*PROBLEM DESCRIPTION*: Leave out the pictures, and retype the remaining data exactly.

*RECORDED INFORMATION*:
[Start of section]
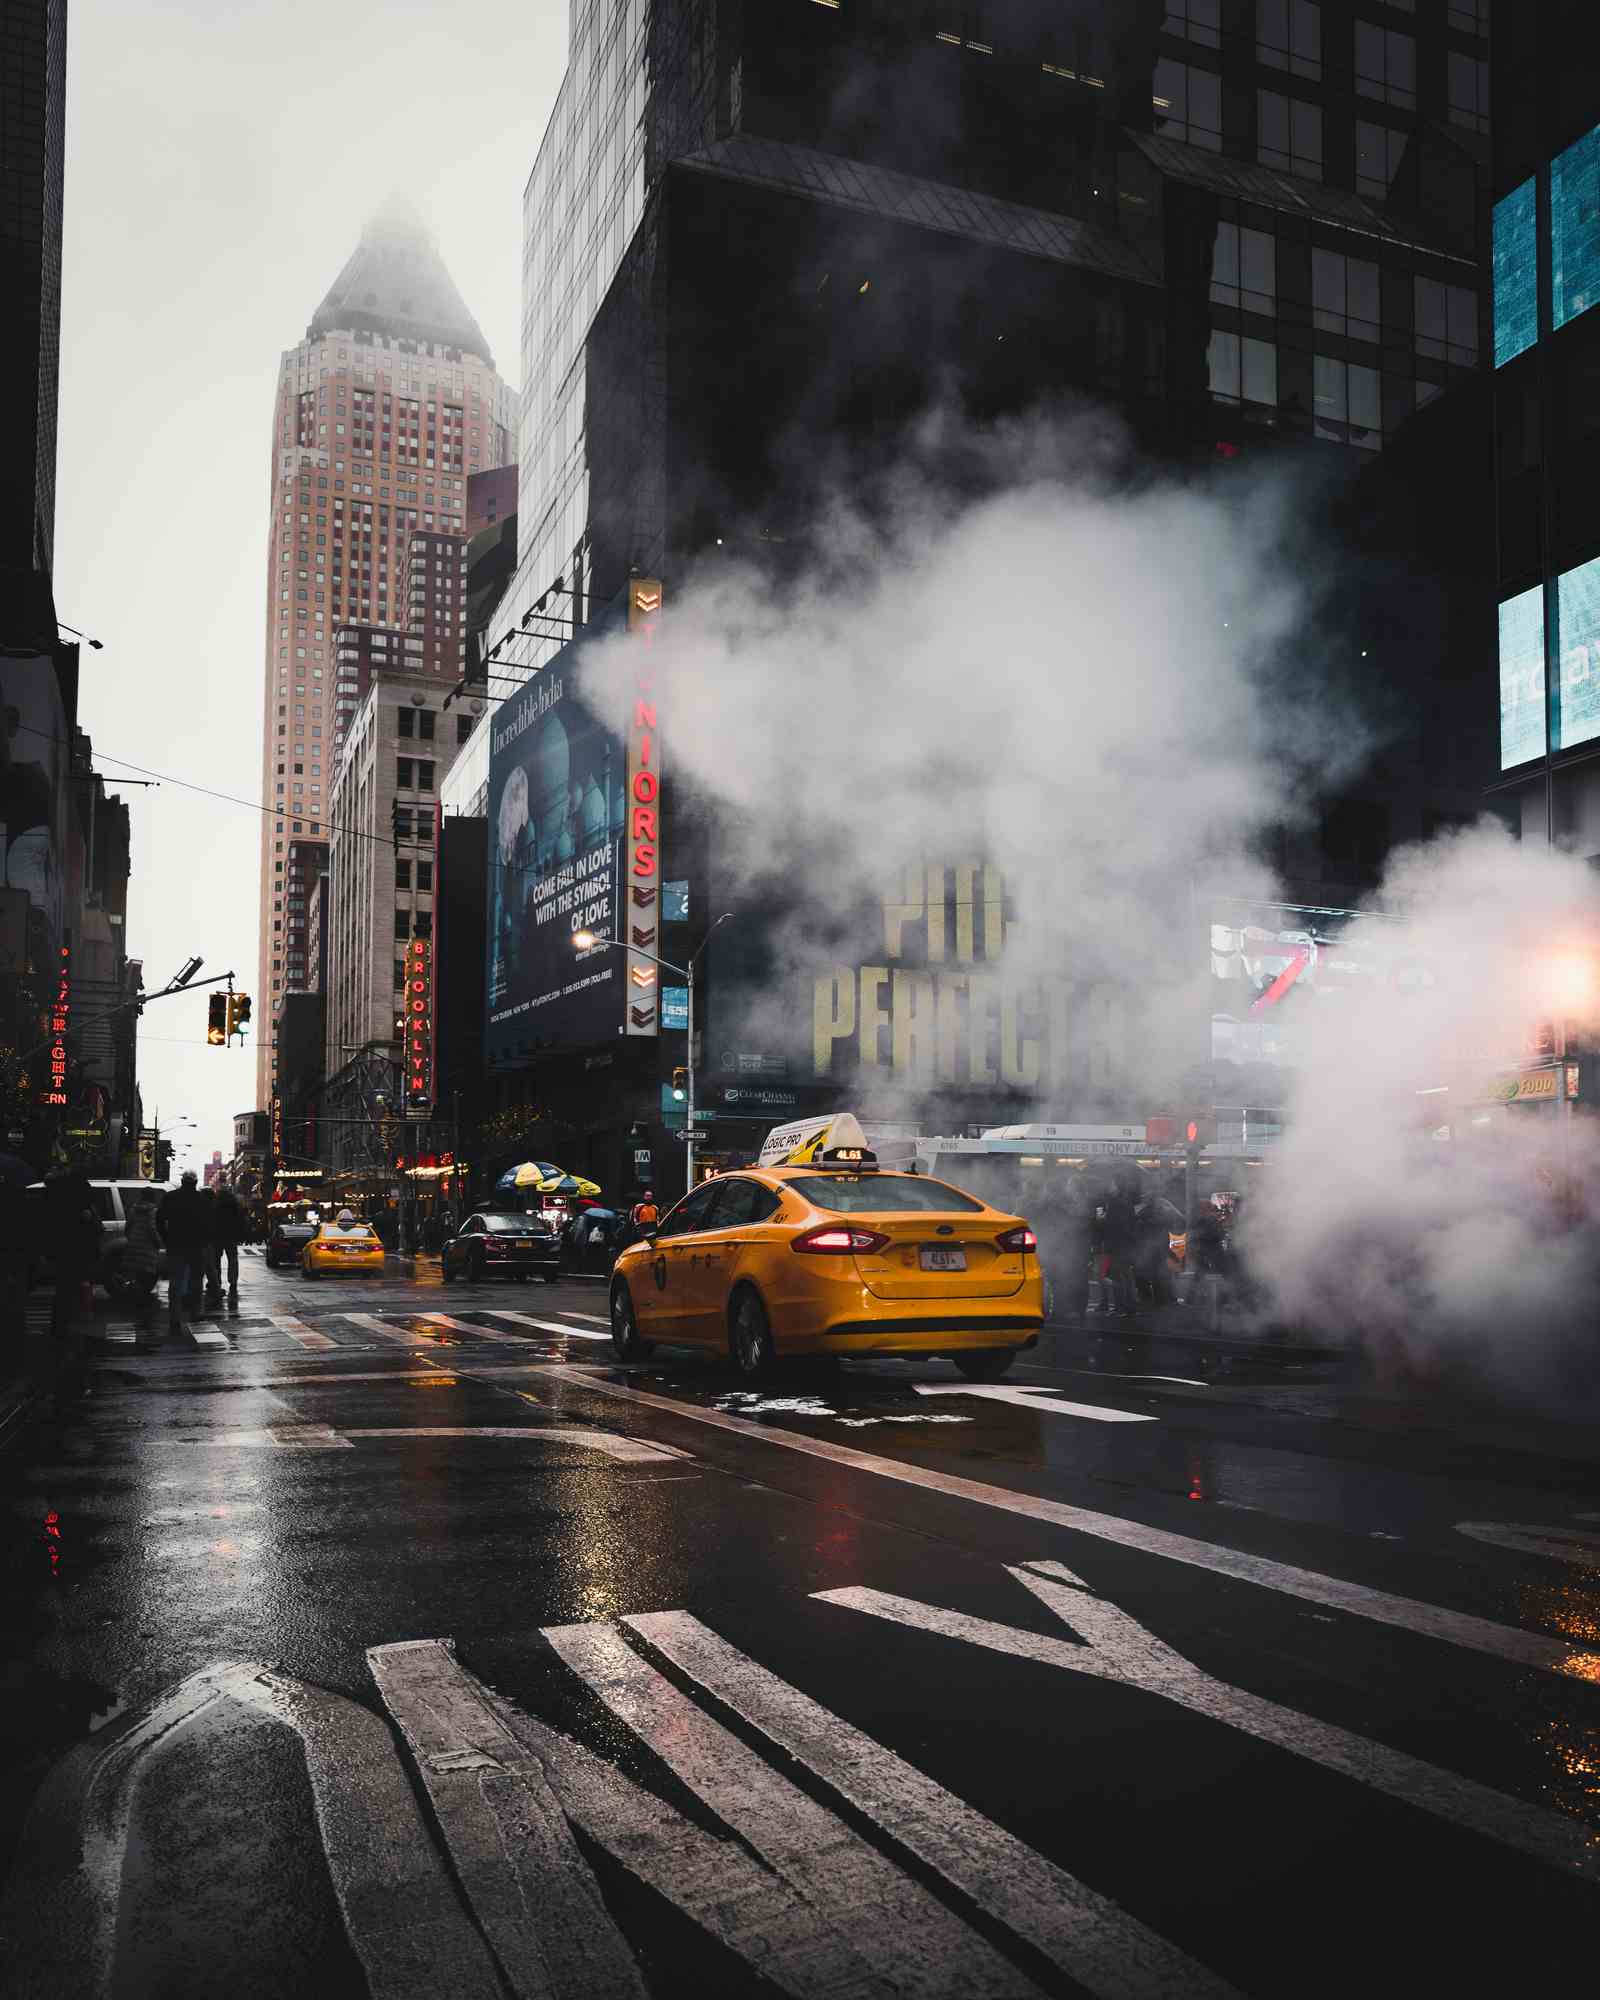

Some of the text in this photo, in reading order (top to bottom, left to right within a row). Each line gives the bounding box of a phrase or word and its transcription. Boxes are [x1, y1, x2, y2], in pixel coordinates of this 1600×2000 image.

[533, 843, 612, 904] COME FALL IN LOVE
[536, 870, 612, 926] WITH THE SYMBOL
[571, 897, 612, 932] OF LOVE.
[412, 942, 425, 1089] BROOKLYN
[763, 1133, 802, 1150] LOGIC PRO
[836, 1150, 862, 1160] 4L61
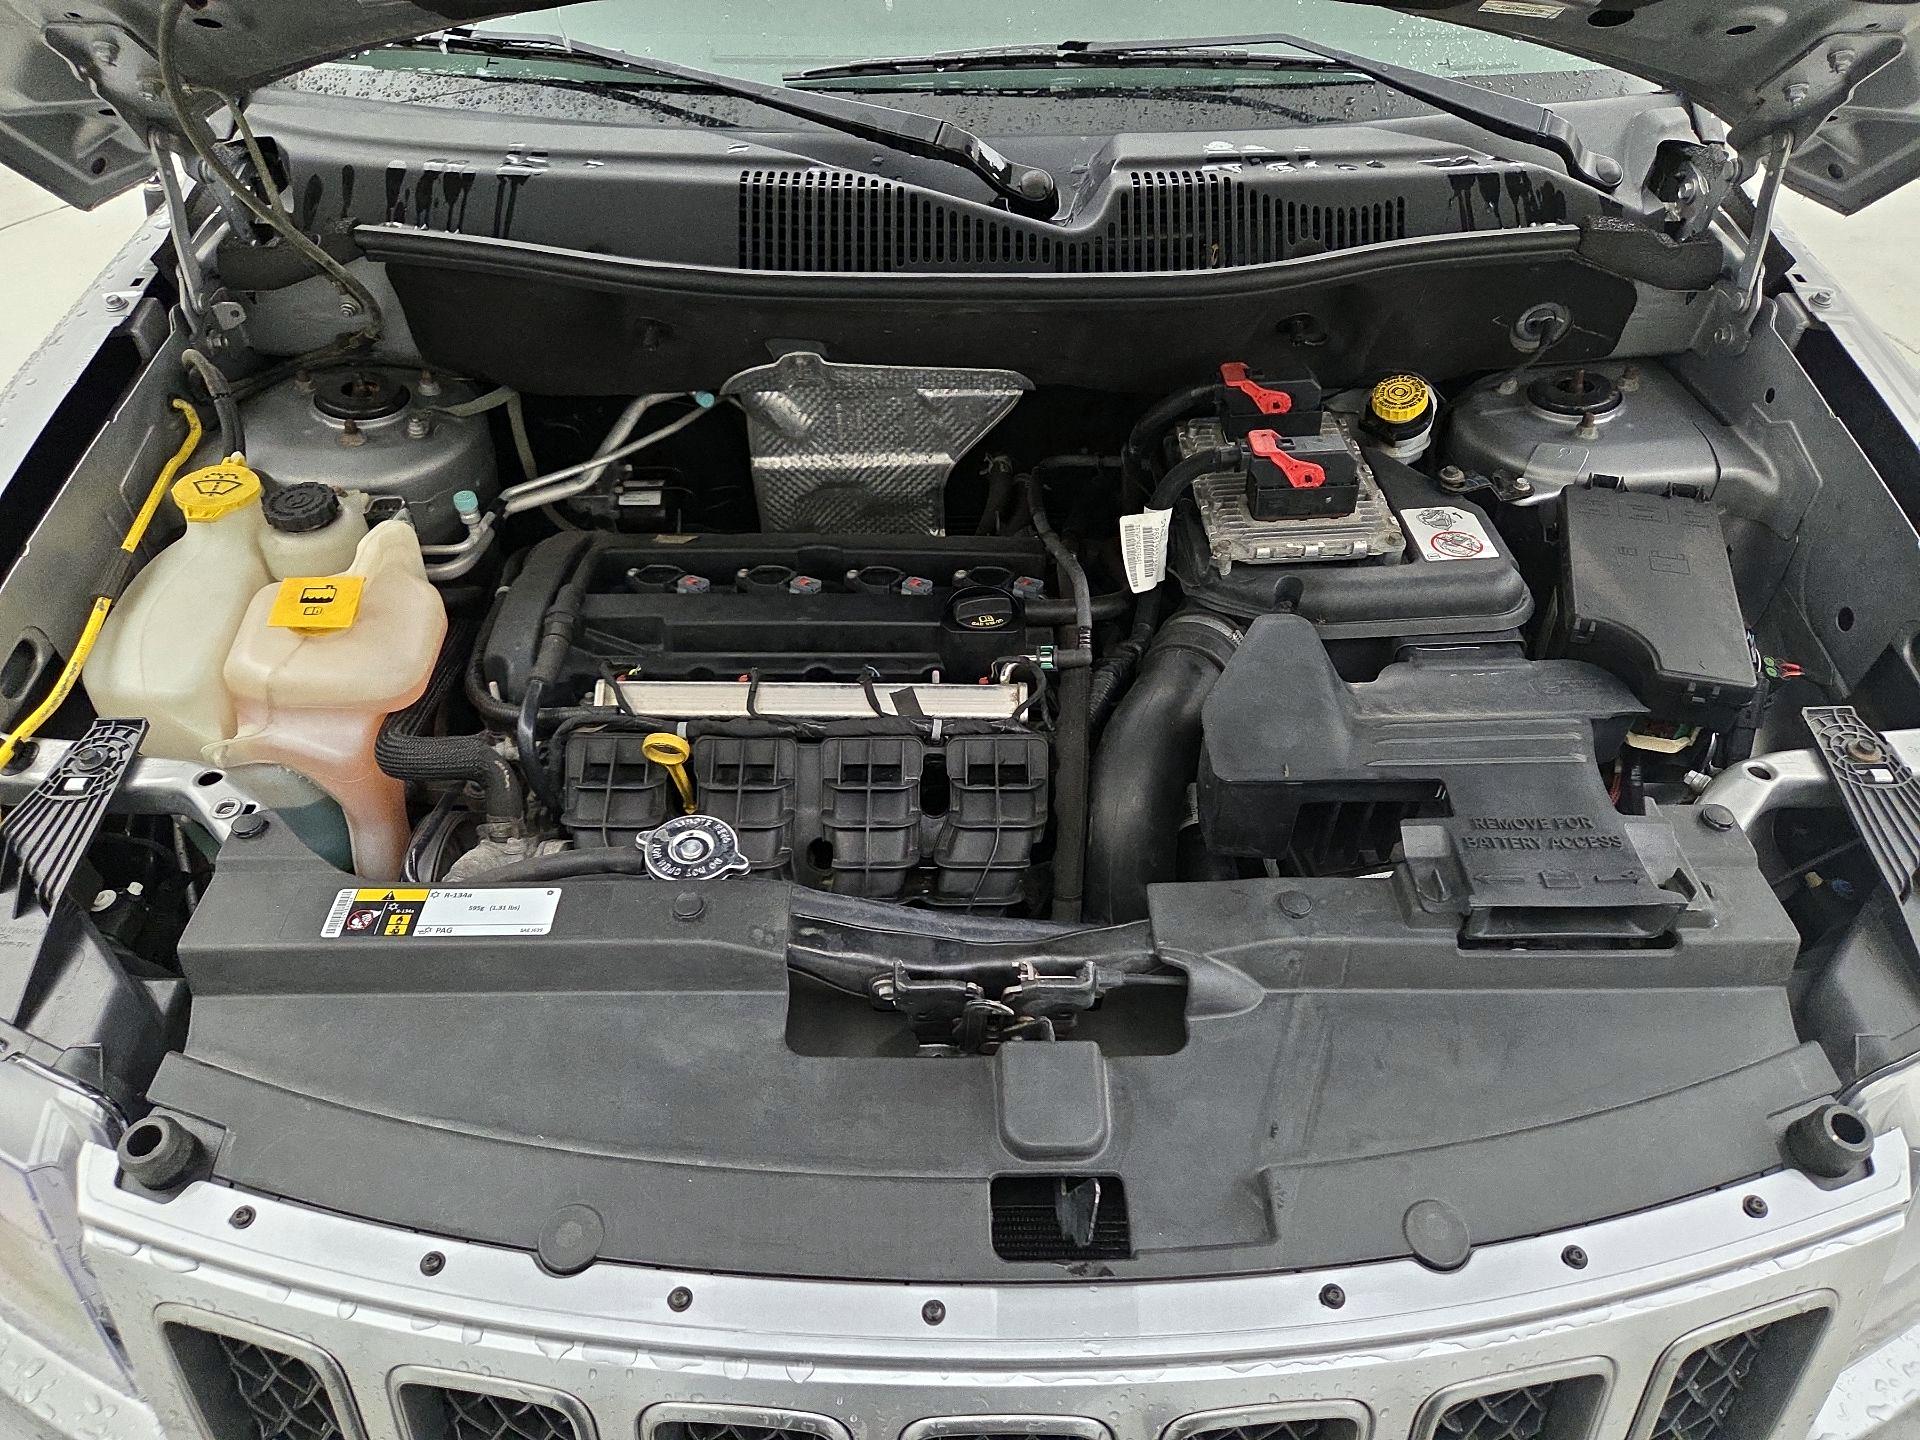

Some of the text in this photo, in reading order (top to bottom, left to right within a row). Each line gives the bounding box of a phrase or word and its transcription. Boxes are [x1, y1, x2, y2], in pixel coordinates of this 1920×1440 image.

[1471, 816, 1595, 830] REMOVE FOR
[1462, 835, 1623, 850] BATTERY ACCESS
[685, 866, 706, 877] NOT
[End of section]
*SOLUTION*:
Some of the text in this photo, in reading order (top to bottom, left to right within a row). Each line gives the bounding box of a phrase or word and its transcription. Boxes are [x1, y1, x2, y2], in pixel coordinates of this 1600×2000 image.

[533, 843, 612, 904] COME FALL IN LOVE
[536, 870, 612, 926] WITH THE SYMBOL
[571, 897, 612, 932] OF LOVE.
[412, 942, 425, 1089] BROOKLYN
[763, 1133, 802, 1150] LOGIC PRO
[836, 1150, 862, 1160] 4L61

Some of the text in this photo, in reading order (top to bottom, left to right within a row). Each line gives the bounding box of a phrase or word and its transcription. Boxes are [x1, y1, x2, y2], in pixel coordinates of this 1920×1440 image.

[1471, 816, 1595, 830] REMOVE FOR
[1462, 835, 1623, 850] BATTERY ACCESS
[685, 866, 706, 877] NOT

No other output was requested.